Action item:
Repeat the data that follows, word for word, without the images.

(Images for object localization)
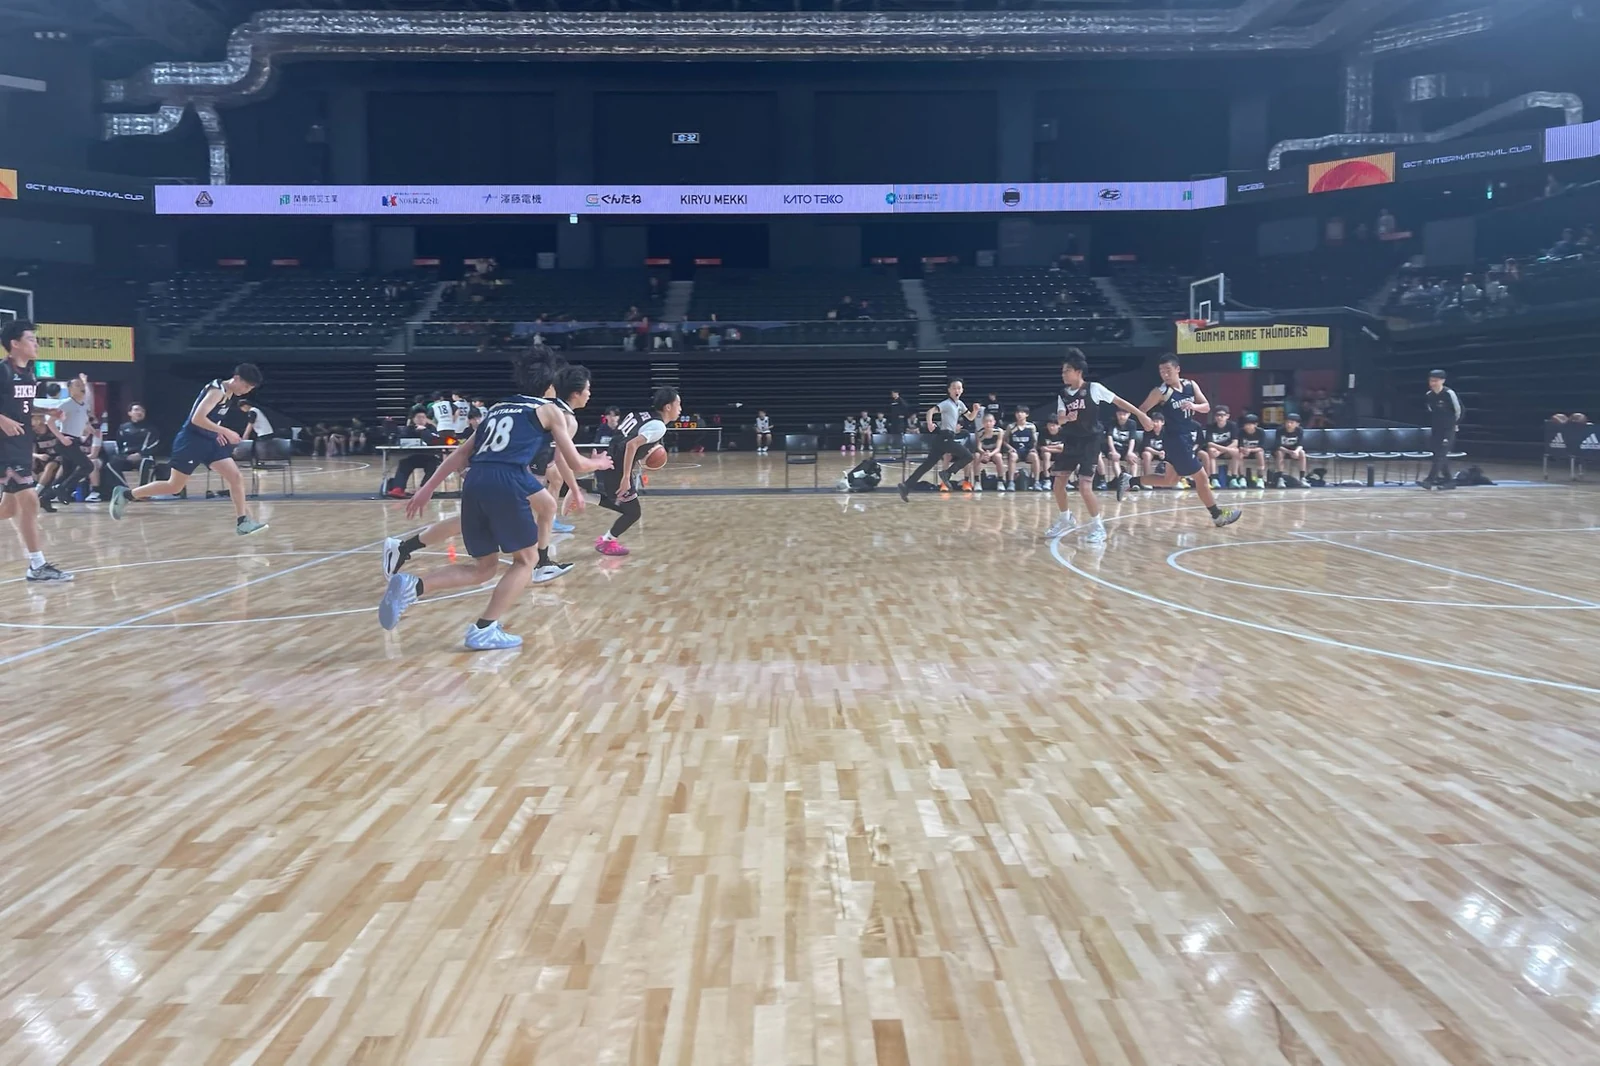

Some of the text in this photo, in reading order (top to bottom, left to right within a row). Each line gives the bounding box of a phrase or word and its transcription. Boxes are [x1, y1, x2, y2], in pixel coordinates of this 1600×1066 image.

[1402, 144, 1532, 169] GCT INTERNATIONAL CUP
[25, 183, 144, 201] GCT INTERNATIONAL CUP
[600, 193, 642, 205] ぐんたね
[680, 194, 748, 205] KIRYU MEKKI
[783, 194, 844, 205] KATO TEKKO
[1195, 326, 1308, 343] GUNMA CRANE THUNDERS
[57, 337, 112, 349] THUNDERS
[23, 401, 30, 414] 5
[437, 404, 449, 415] 18
[476, 416, 514, 456] 28

Response below:
Some of the text in this photo, in reading order (top to bottom, left to right within a row). Each line gives the bounding box of a phrase or word and its transcription. Boxes are [x1, y1, x2, y2], in pixel coordinates of this 1600×1066 image.

[1402, 144, 1532, 169] GCT INTERNATIONAL CUP
[25, 183, 144, 201] GCT INTERNATIONAL CUP
[600, 193, 642, 205] ぐんたね
[680, 194, 748, 205] KIRYU MEKKI
[783, 194, 844, 205] KATO TEKKO
[1195, 326, 1308, 343] GUNMA CRANE THUNDERS
[57, 337, 112, 349] THUNDERS
[23, 401, 30, 414] 5
[437, 404, 449, 415] 18
[476, 416, 514, 456] 28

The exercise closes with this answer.